Hemelzicht Vineyards in the Upper Hemel-en-Aarde Valley.
Hemelzicht Vineyards in the Upper Hemel-en-Aarde Valley.
Image: Supplied

For wine lovers who have harboured dreams of owning a vineyard, the new Hemelzicht Vineyards offers the opportunity to do just that — at least, in part.

A new wine estate investment opportunity — Hemelzicht in the Upper Hemel-en-Aarde Valley — is a first of its kind, allowing the public to purchase shares starting at R1m.

Co-founded by the multiple award-winning winemakers, the Newton Johnson family, the vineyard will primarily produce organic, sustainably farmed pinot noir and chardonnay.

Roland Peens, the director of WineCellar.co.za and co-founder and CEO of Hemelzicht, says this could be the first model of its kind around the world. “There certainly are wine farm investments or fund [investments] and there are ways to invest in certain brands, but to invest in the physical property and be an owner of the property and enjoy these sorts of benefits — we think it’s a first in the world,” he says.

Apart from the capital growth and the opportunity to craft wine under the guidance of experienced wine makers, investors can expect annual dividends to be paid out in the form of cash dividends, top-quality wine, and luxury accommodation on the property.

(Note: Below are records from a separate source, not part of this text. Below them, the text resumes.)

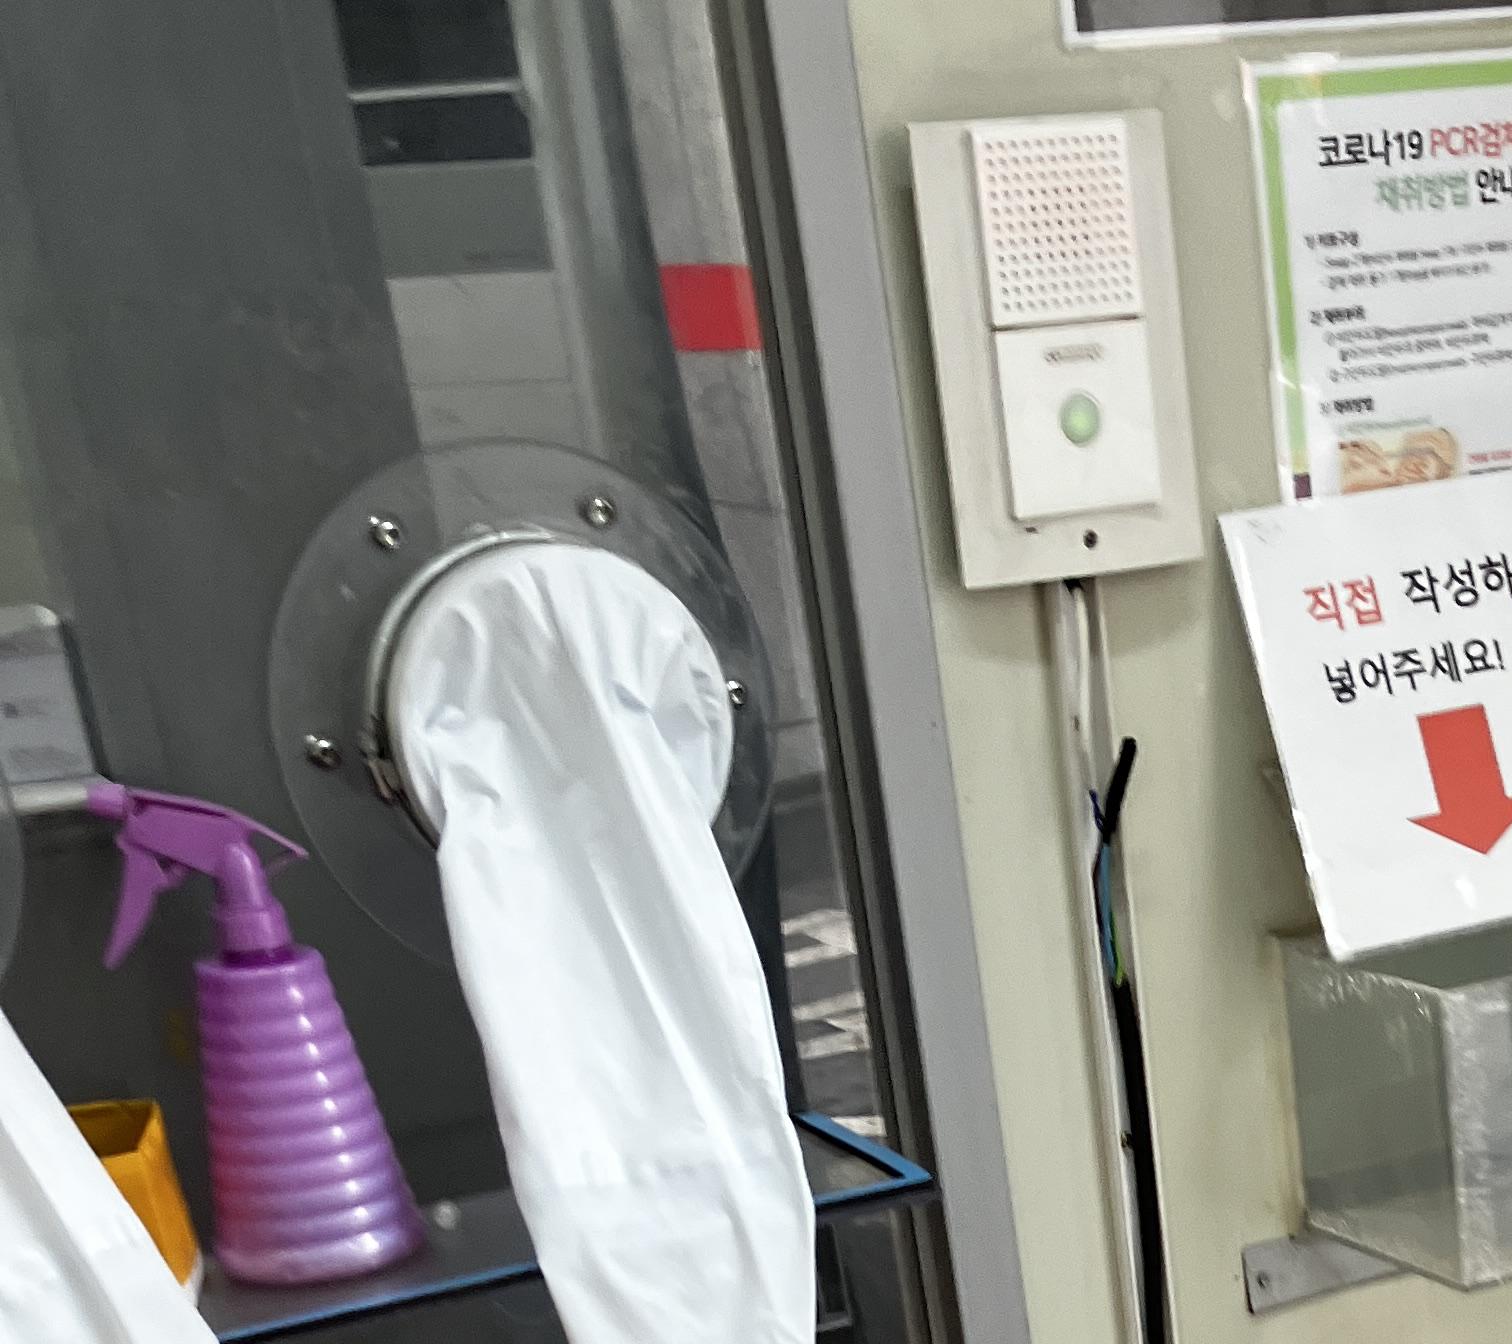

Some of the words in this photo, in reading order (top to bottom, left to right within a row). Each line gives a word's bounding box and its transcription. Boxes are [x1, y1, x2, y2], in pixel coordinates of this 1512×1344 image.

[1318, 128, 1423, 167] 코로나19
[1302, 575, 1385, 632] 직접
[1323, 639, 1506, 704] 넣어주세요!
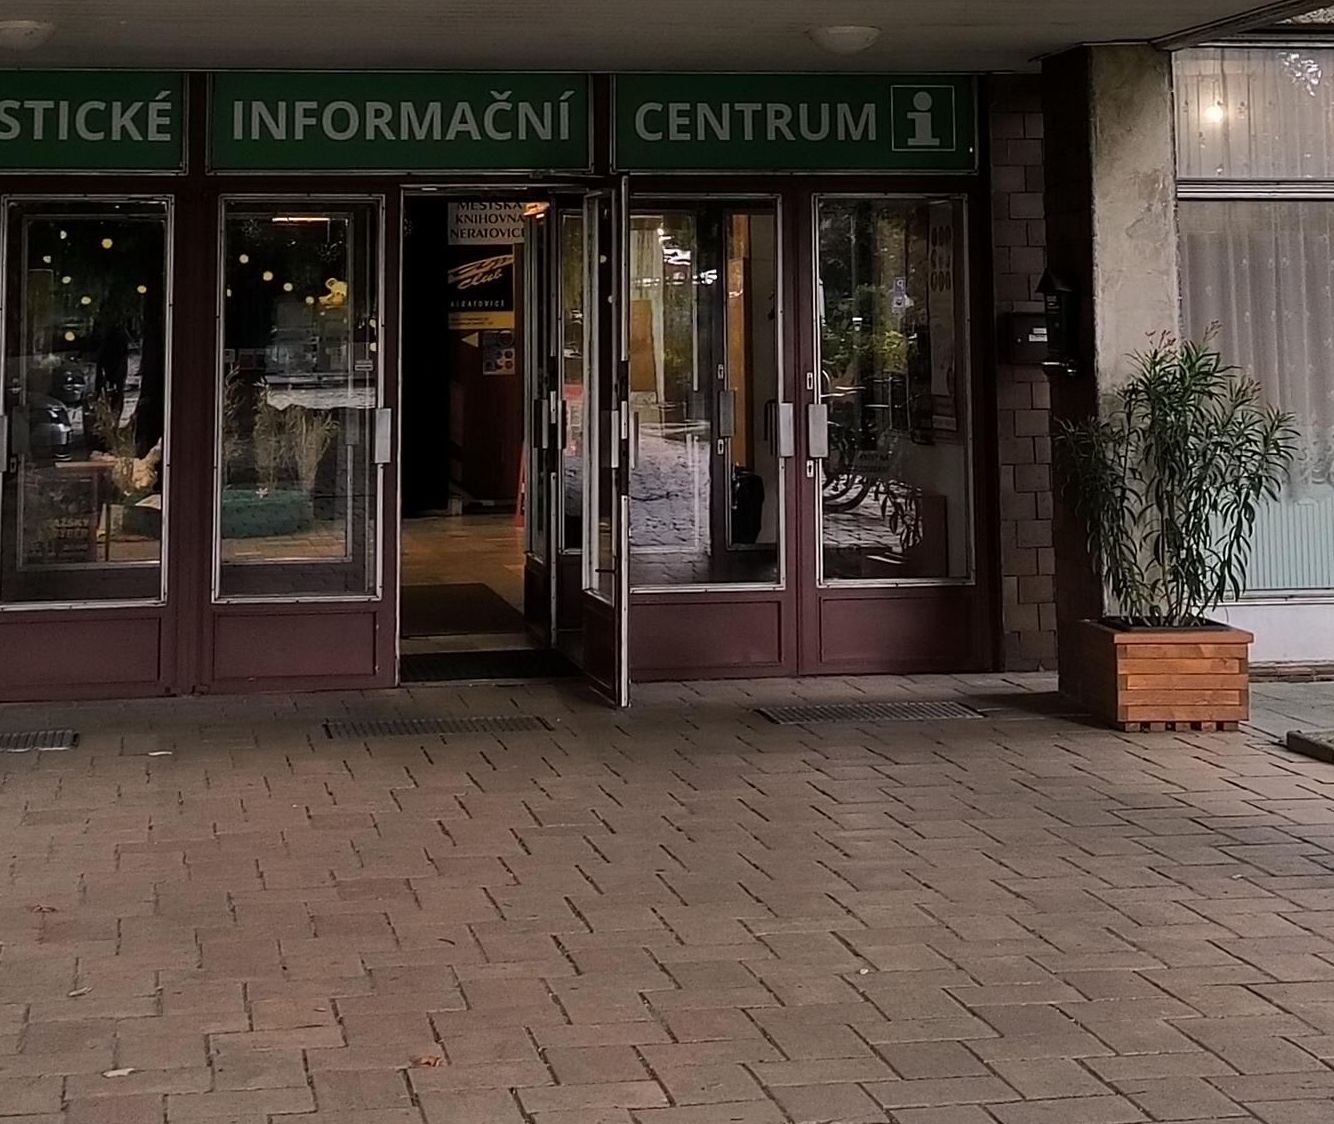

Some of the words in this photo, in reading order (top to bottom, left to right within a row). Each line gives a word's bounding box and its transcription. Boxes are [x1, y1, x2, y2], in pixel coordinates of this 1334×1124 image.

[231, 88, 577, 143] INFORMAČNÍ
[633, 100, 878, 144] CENTRUM
[455, 213, 526, 225] KNIHOVNA
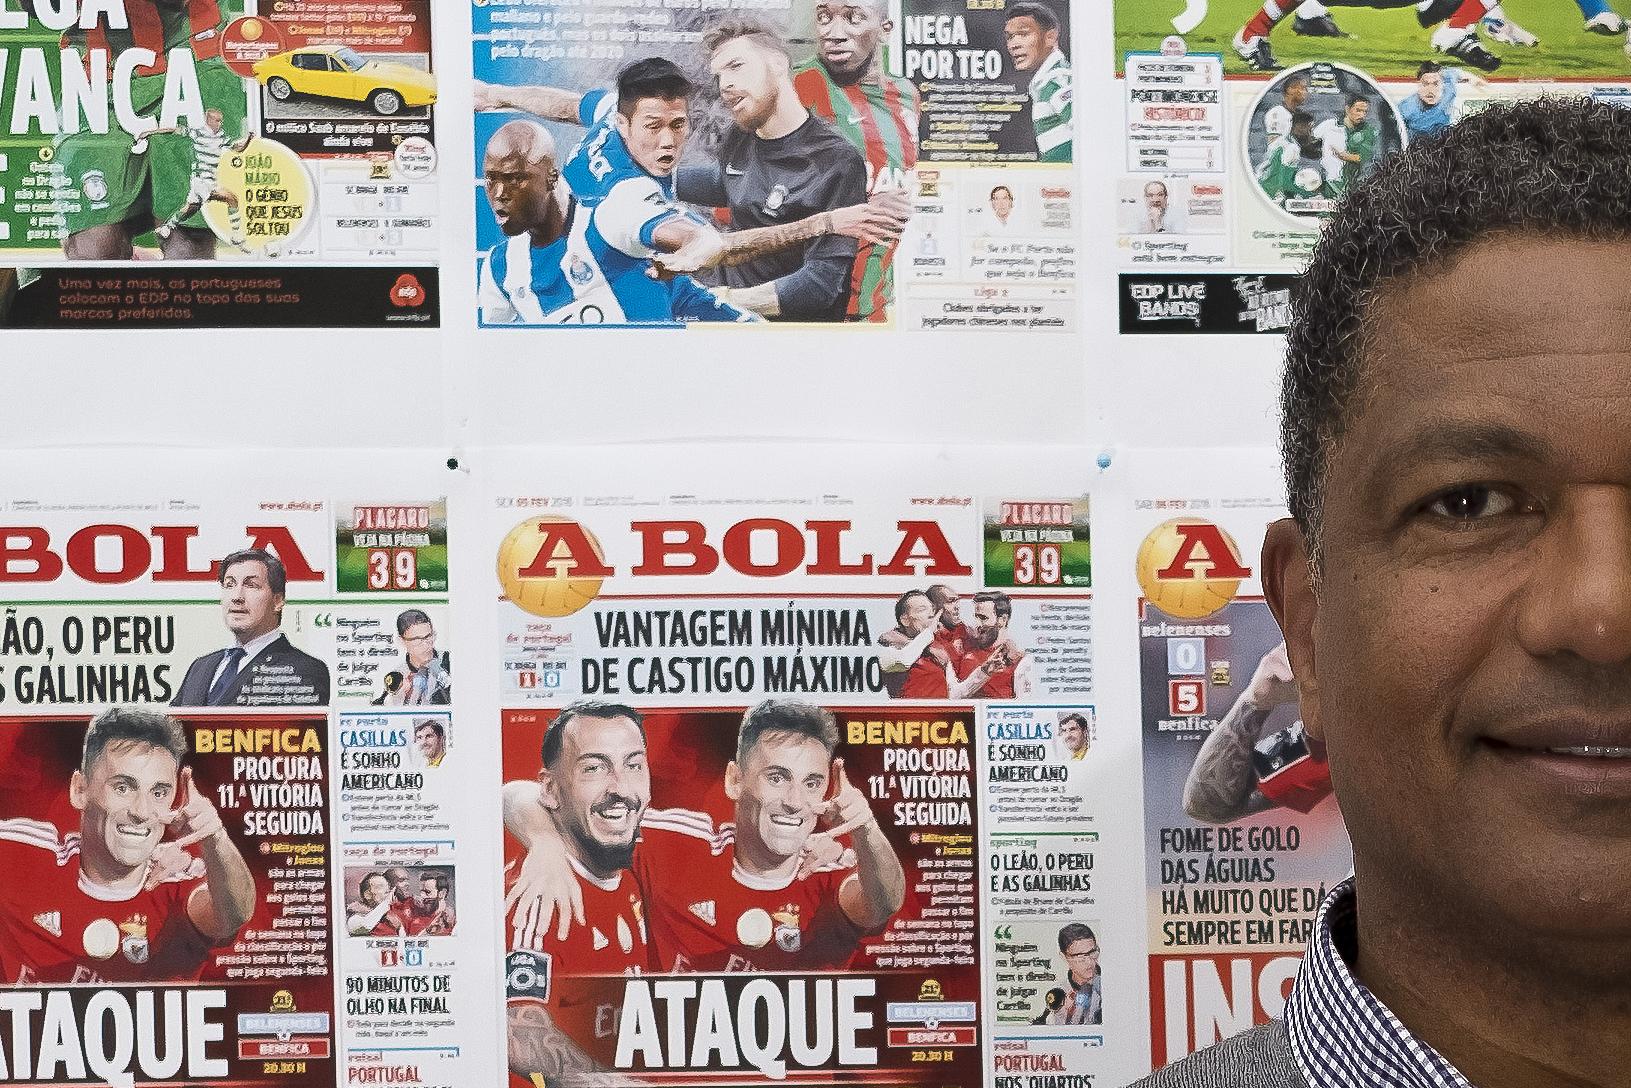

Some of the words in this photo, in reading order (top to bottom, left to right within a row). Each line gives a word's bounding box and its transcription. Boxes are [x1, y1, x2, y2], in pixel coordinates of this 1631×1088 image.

[905, 14, 967, 46] NEGA
[905, 50, 950, 79] POR
[958, 50, 1002, 80] TEO
[102, 279, 122, 290] vez
[0, 524, 324, 583] BOLA
[518, 521, 615, 578] A
[630, 518, 973, 577] BOLA
[1156, 524, 1252, 579] A
[63, 617, 83, 655] O
[93, 616, 175, 654] PERU
[594, 609, 754, 648] VANTAGEM
[761, 601, 872, 647] MÍNIMA
[581, 657, 618, 694] DE
[627, 656, 755, 693] CASTIGO
[762, 647, 884, 693] MÁXIMO
[15, 665, 172, 704] GALINHAS
[196, 729, 321, 753] BENFICA
[340, 730, 407, 747] CASILLAS
[847, 721, 968, 744] BENFICA
[987, 722, 1052, 740] CASILLAS
[353, 753, 401, 769] SONHO
[883, 749, 970, 772] PROCURA
[999, 745, 1045, 761] SONHO
[233, 757, 323, 781] PROCURA
[988, 766, 1069, 782] AMERICANO
[249, 778, 323, 808] VITÓRIA
[342, 774, 423, 790] AMERICANO
[899, 771, 971, 799] VITÓRIA
[244, 813, 323, 836] SEGUIDA
[893, 803, 972, 826] SEGUIDA
[1160, 827, 1213, 853] FOME
[1218, 828, 1242, 853] DE
[1247, 827, 1300, 852] GOLO
[1161, 859, 1198, 884] DAS
[1204, 852, 1275, 882] ÁGUIAS
[1022, 876, 1092, 893] GALINHAS
[1161, 884, 1187, 915] HÁ
[1193, 889, 1253, 914] MUITO
[1258, 887, 1298, 916] QUE
[1163, 919, 1241, 946] SEMPRE
[1246, 919, 1272, 944] EM
[347, 999, 384, 1015] OLHO
[411, 997, 450, 1014] FINAL
[614, 978, 878, 1080] ATAQUE
[348, 1066, 422, 1084] PORTUGAL
[994, 1054, 1066, 1072] PORTUGAL
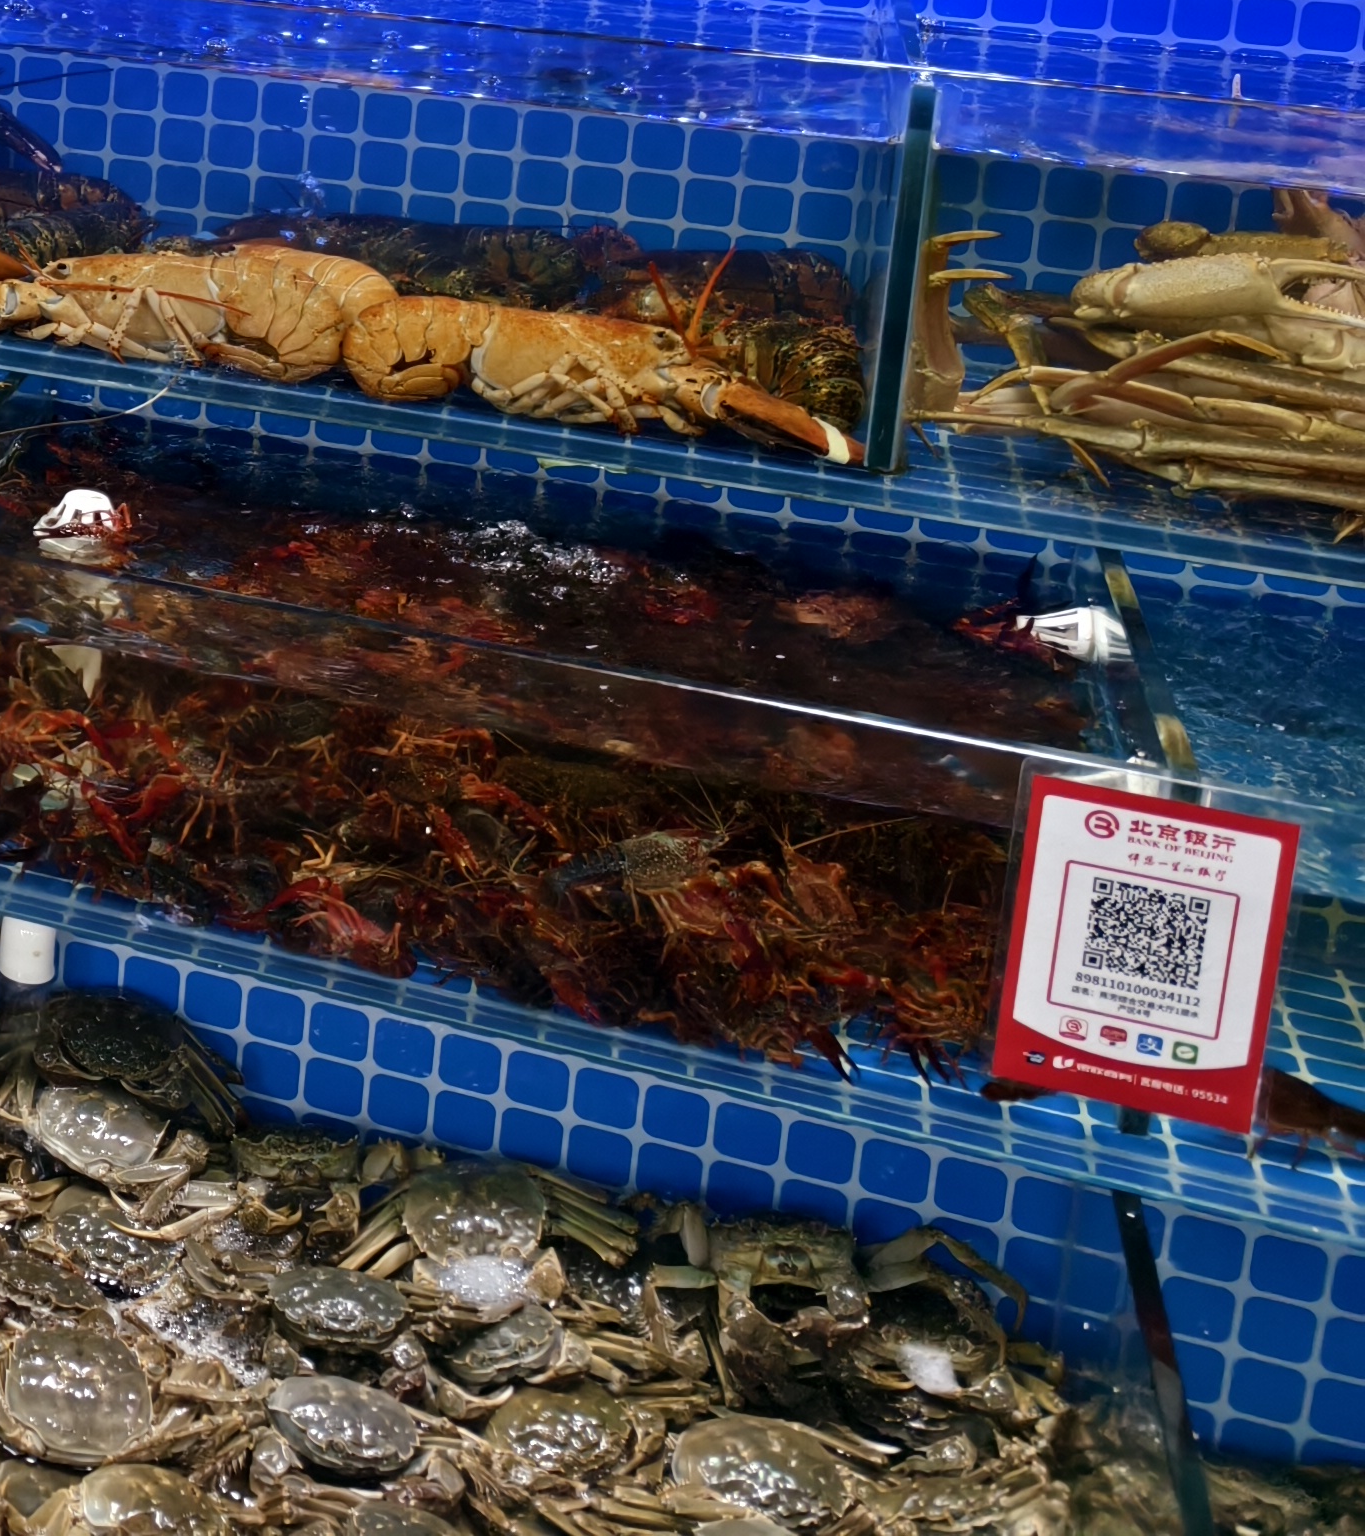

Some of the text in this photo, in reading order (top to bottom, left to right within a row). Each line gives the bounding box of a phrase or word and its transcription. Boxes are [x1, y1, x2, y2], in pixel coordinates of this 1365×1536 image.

So far, they’ve had interest from 14 countries around the world in the form of private individuals, large businesses and even wine clubs. “A very big drive around this model was to have this wide stratification of owners across the world and across SA,” Peens says.

“With the founders we’ll be about 50 shareholders, which is great because you now have 50 people around SA, and around the world, who are brand ambassadors — and who are contact points in marketing the sale of wine.”

Hemelzicht Vineyards team: CEO Roland Peens, Bevan Newton Johnson and Gordon Newton Johnson.
Hemelzicht Vineyards team: CEO Roland Peens, Bevan Newton Johnson and Gordon Newton Johnson.
Image: Supplied

Investors payments are already coming in and, with a pending investors and waiting list, the team from Hemelzicht expect to be fully subscribed by mid-March.

What makes Hemelzicht different to any other winery that starts off in one year (and has to start producing wine from scratch and find a market down the line) is that they already have infrastructure in place. “In fact,” Peens adds, “there are three wine companies that have invested, which means, we’ve already got some markets with distribution and we haven’t even made the wine yet.”

Hemelzicht Vineyards in the Upper Hemel-en-Aarde Valley.
Hemelzicht Vineyards in the Upper Hemel-en-Aarde Valley.
Image: Supplied

With the level of interest the they’ve already received, Peens says they foresee pent-up demand and will be looking into more opportunities of a similar nature in the future.

“There are definitely people out there who are looking to diversify their investments but also be involved with something real, something that’s palpable — that offers somewhere where you can visit and a product that you can enjoy.” And HemelZicht Vineyards might just be the answer.